Exercise directions: The records below are to be repeated exactly, minus any pictures.

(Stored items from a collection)
□ □ □ □ □

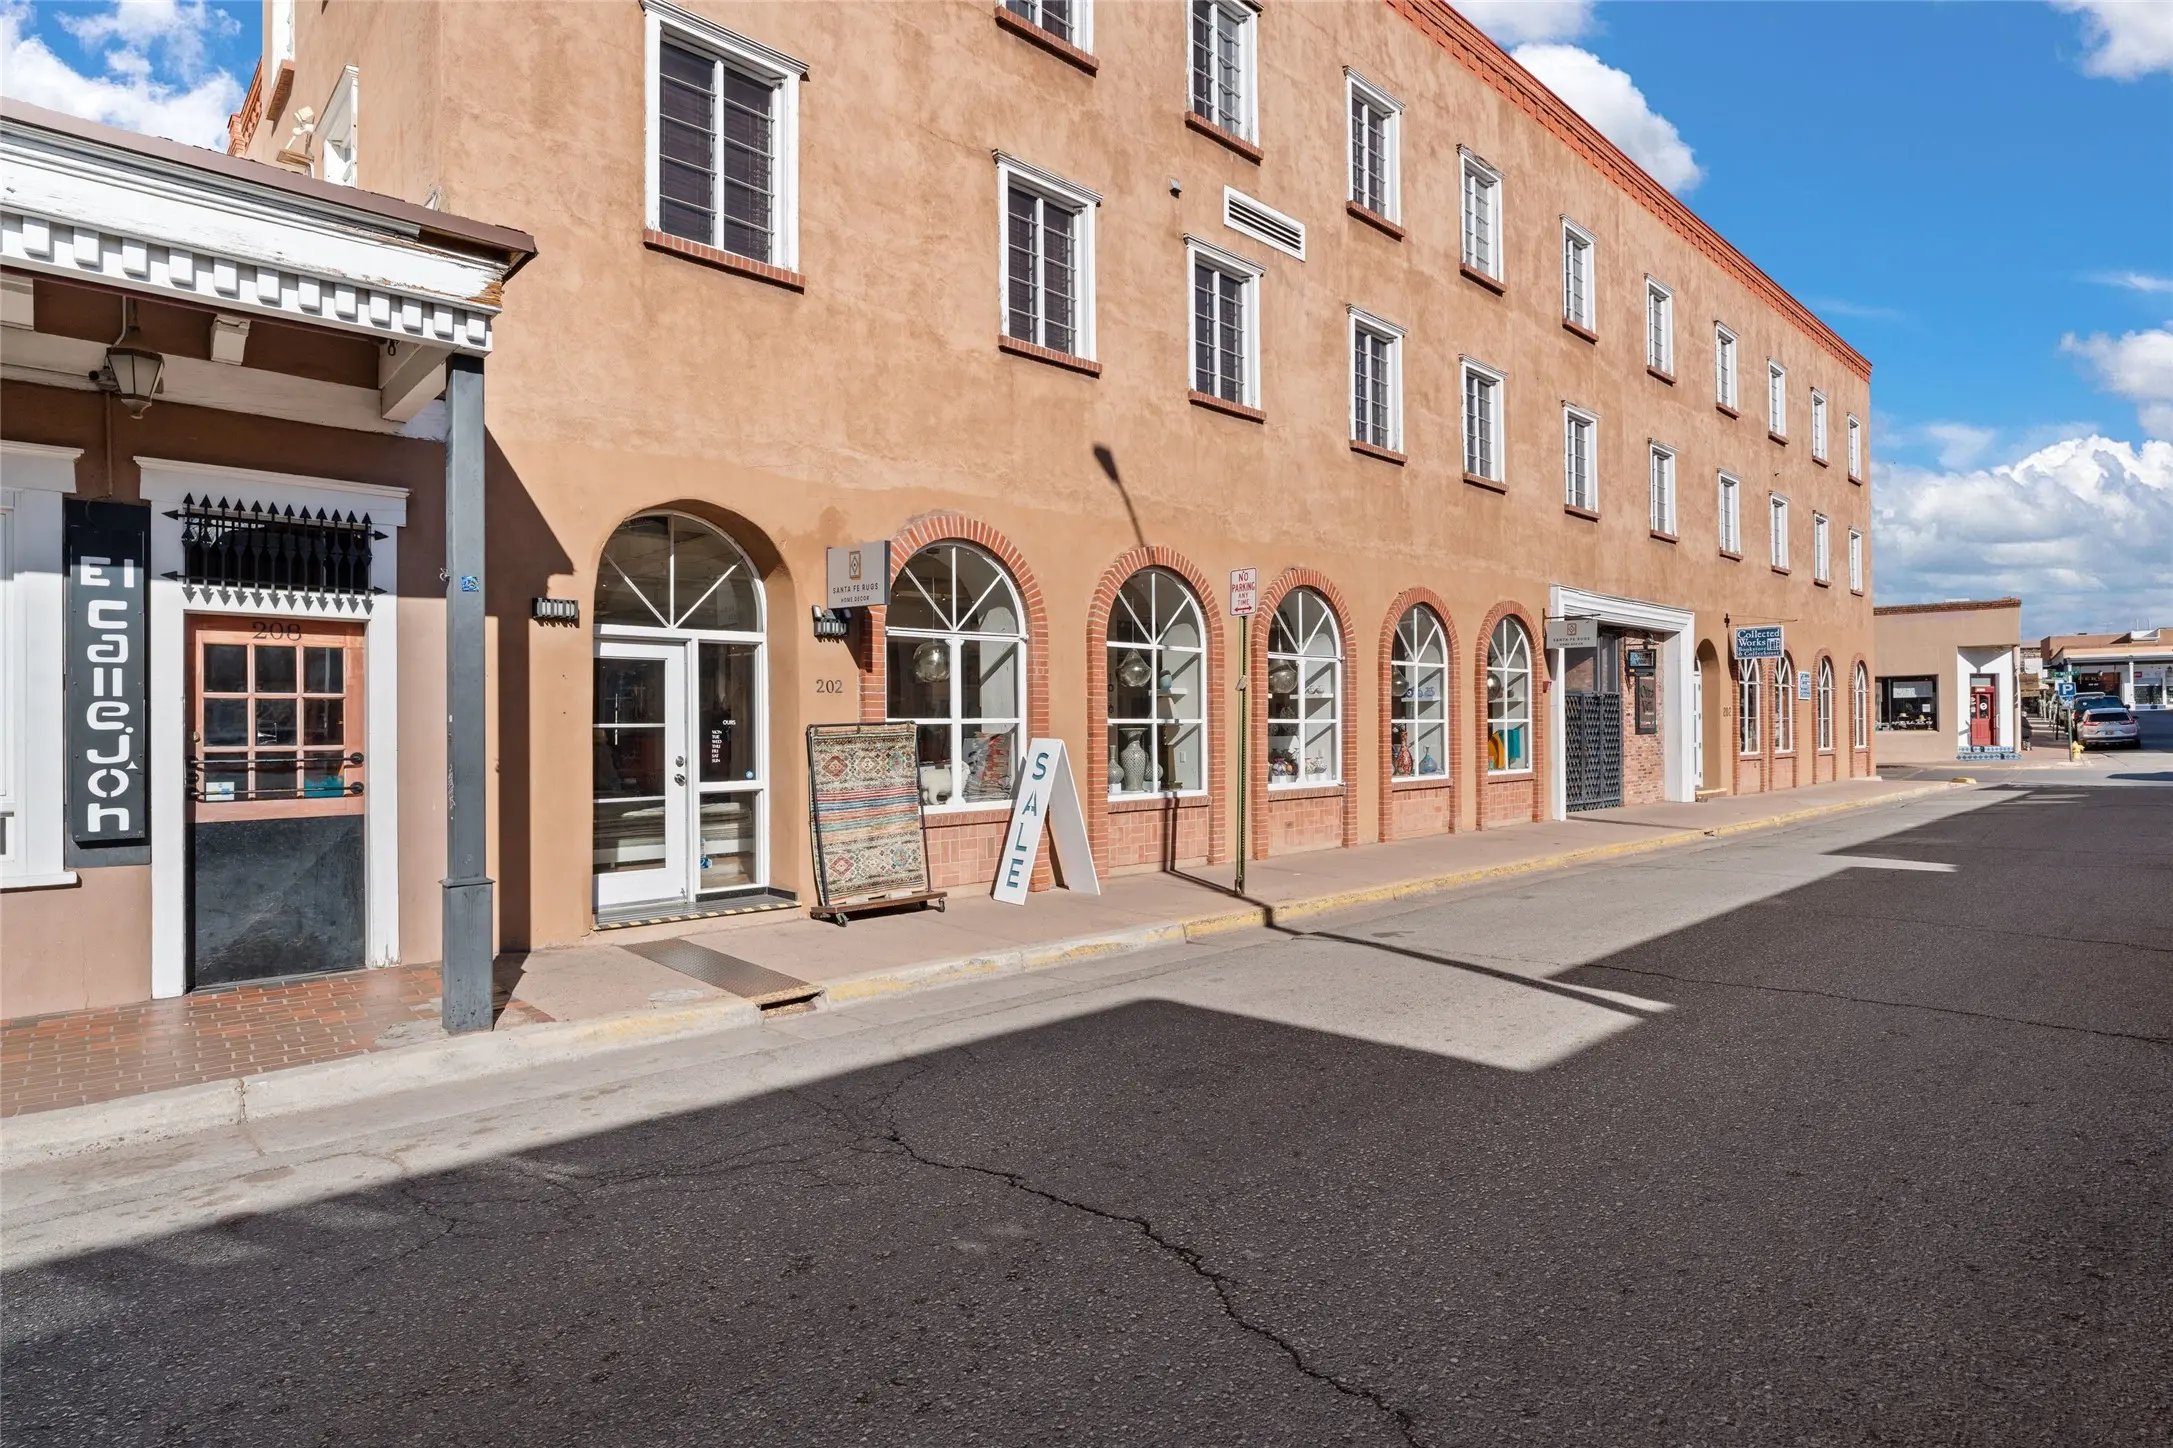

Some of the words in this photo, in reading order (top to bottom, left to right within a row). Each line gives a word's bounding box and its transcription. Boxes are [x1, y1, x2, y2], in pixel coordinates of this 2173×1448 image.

[80, 556, 135, 588] El
[1238, 572, 1249, 582] NO
[832, 585, 852, 595] SANTA
[852, 584, 861, 592] FE
[861, 582, 879, 591] RUGS
[1231, 582, 1256, 593] PARKING
[251, 621, 302, 641] 208
[1737, 629, 1780, 638] Collected
[1738, 638, 1767, 647] Works
[815, 678, 844, 694] 202
[2062, 684, 2074, 695] P
[1006, 752, 1050, 888] SALE
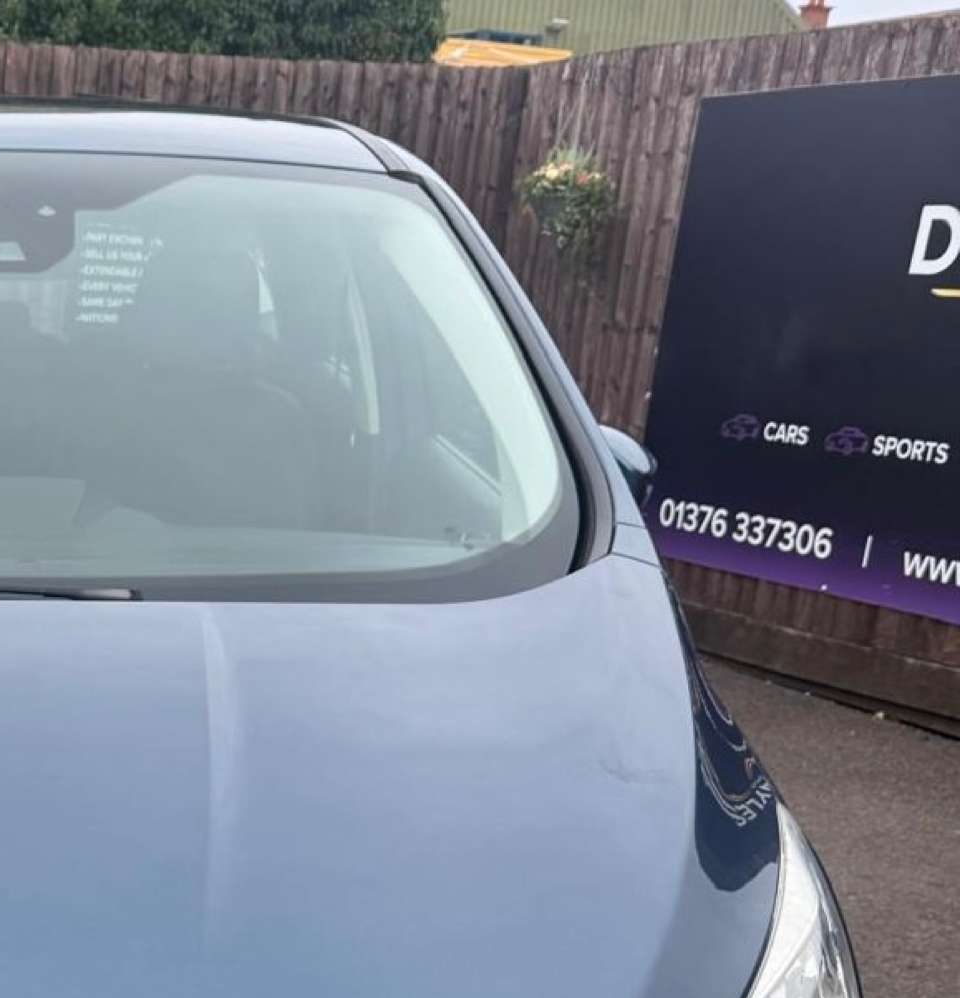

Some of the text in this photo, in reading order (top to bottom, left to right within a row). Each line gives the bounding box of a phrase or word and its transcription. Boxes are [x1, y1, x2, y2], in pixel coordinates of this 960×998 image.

□ □ □ □ □

Response:
Some of the words in this photo, in reading order (top to bottom, left to right within a row). Each line gives a word's bounding box and its transcription. Boxes are [x1, y1, x2, y2], in pixel coordinates of this 2173×1448 image.

[80, 556, 135, 588] El
[1238, 572, 1249, 582] NO
[832, 585, 852, 595] SANTA
[852, 584, 861, 592] FE
[861, 582, 879, 591] RUGS
[1231, 582, 1256, 593] PARKING
[251, 621, 302, 641] 208
[1737, 629, 1780, 638] Collected
[1738, 638, 1767, 647] Works
[815, 678, 844, 694] 202
[2062, 684, 2074, 695] P
[1006, 752, 1050, 888] SALE

Some of the text in this photo, in reading order (top to bottom, left to right within a row). Each line gives the bounding box of a phrase or word and its transcription. Boxes are [x1, y1, x2, y2], in pixel coordinates of this 960×998 image.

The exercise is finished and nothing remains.